Westley, Buttercup and Freedom in Marriage
Having to read the “Crowd” parts during The Passion on Good Friday, is always an uncomfortable fifteen minutes for me. “Crucify him!” sticks in my throat and “I do not know him” is unpleasant. But, for me, no phrase cuts to the heart like “We have no king, but Caesar!” (Jn 19: 15)
That line gets to the root of the rejection of Jesus. When God called the Hebrew people to follow him to become a new nation, the deal was that God would be their God and King, and they would be God’s loyal, faithful people. When the people finally finished their time wandering in the desert and the nation of Israel came into being, the people understood that God was their King. But, humans are fickle and within a short period of time, they asked for a human King. God allowed it, but warned them that it wouldn’t go well (it did not go well).
“… ‘appoint a king over us, like all the nations, to rule us.’ Samuel was displeased when they said, ‘Give us a king to rule us.’ But he prayed to the LORD. The LORD said: ‘Listen to whatever the people say. You are not the one they are rejecting. They are rejecting me as their king. They are acting toward you just as they have acted from the day I brought them up from Egypt to this very day, deserting me to serve other gods. Now listen to them; but at the same time, give them a solemn warning and inform them of the rights of the king who will rule them.’” (1 Samuel 8: 6-9)
They said they’d deal with whatever came up. But, they always knew that—human king or not—God is the true King of Israel.
So, when John wrote that line into the Gospel, it was an expression of certain members of the Jewish people’s disregard for God’s supremacy—these few sought their own glory, not God’s—and their willingness to collaborate with the pagan emperor who symbolized the desecration of Israel’s holiness, disrespect and disregard for God was a rejection of every gift God gave to them as God’s people—particularly the gift of himself in Jesus.

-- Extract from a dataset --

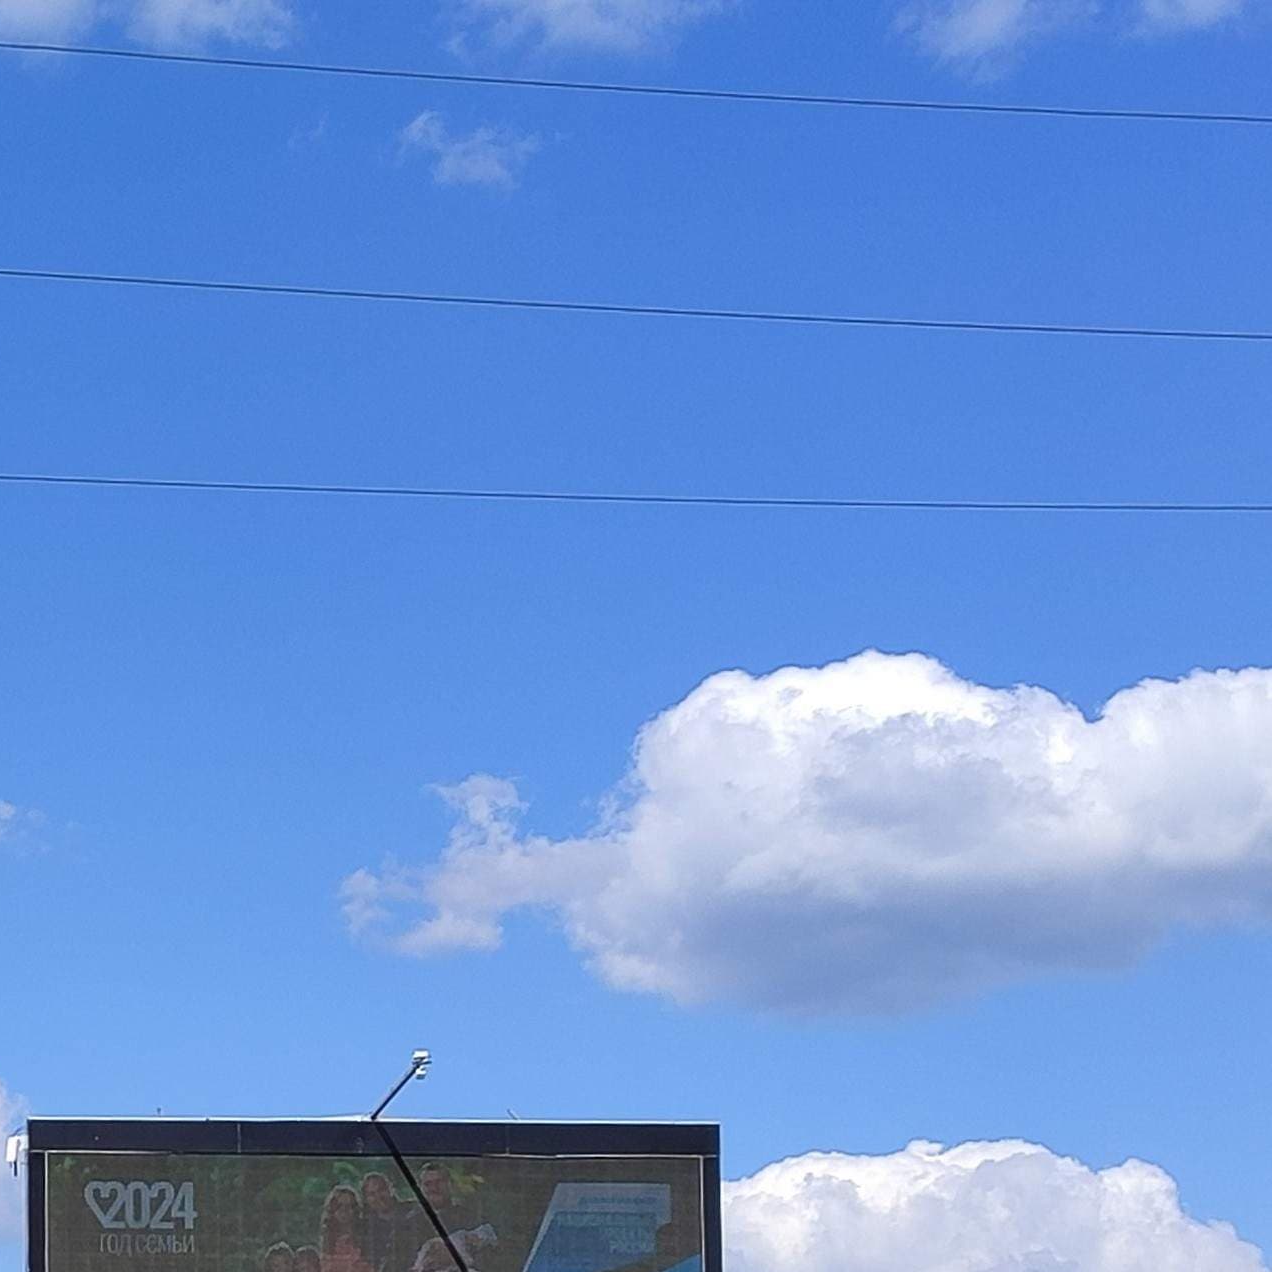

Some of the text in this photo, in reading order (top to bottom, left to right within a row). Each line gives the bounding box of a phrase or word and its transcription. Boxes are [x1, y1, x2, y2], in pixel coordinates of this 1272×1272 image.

[97, 1181, 197, 1229] 2024
[100, 1233, 195, 1257] ГОД СЕМЬИ

But, The Passion isn’t just about something that happened 2,000 years ago—it’s about what happens on earth every day, what happens in my life every day and what happens in my heart every day. That line is not just about a select group of individuals who rejected God’s presence in the person of Jesus for their own gain. That line is about me rejecting God’s presence in the person of Jesus right in front of me in the poor, the marginalized, the struggling and the hurting I see (or choose not to see) every day.
When the Church, in her wisdom, requires us to speak those words, it is a reminder of who I was meant to be (a child of God), who I am called to be (a holy Church) and who Jesus died for me to be (an heir to heaven). It is a reminder of who I choose to be instead—what I give up instead, and my general disregard for God in my daily life.
Because, when it comes down to it—when I choose sin over life—I am choosing a different King than the one who brings me out of slavery into the freedom of the children of God. And this is what amazes me most about God’s unconditional love for us—God knew we would say it, God knows that we will continue to say it (on our bad days) and God is willing to die for us anyway. God continues to be the faithful King even when we say, “I have no king but Caesar.”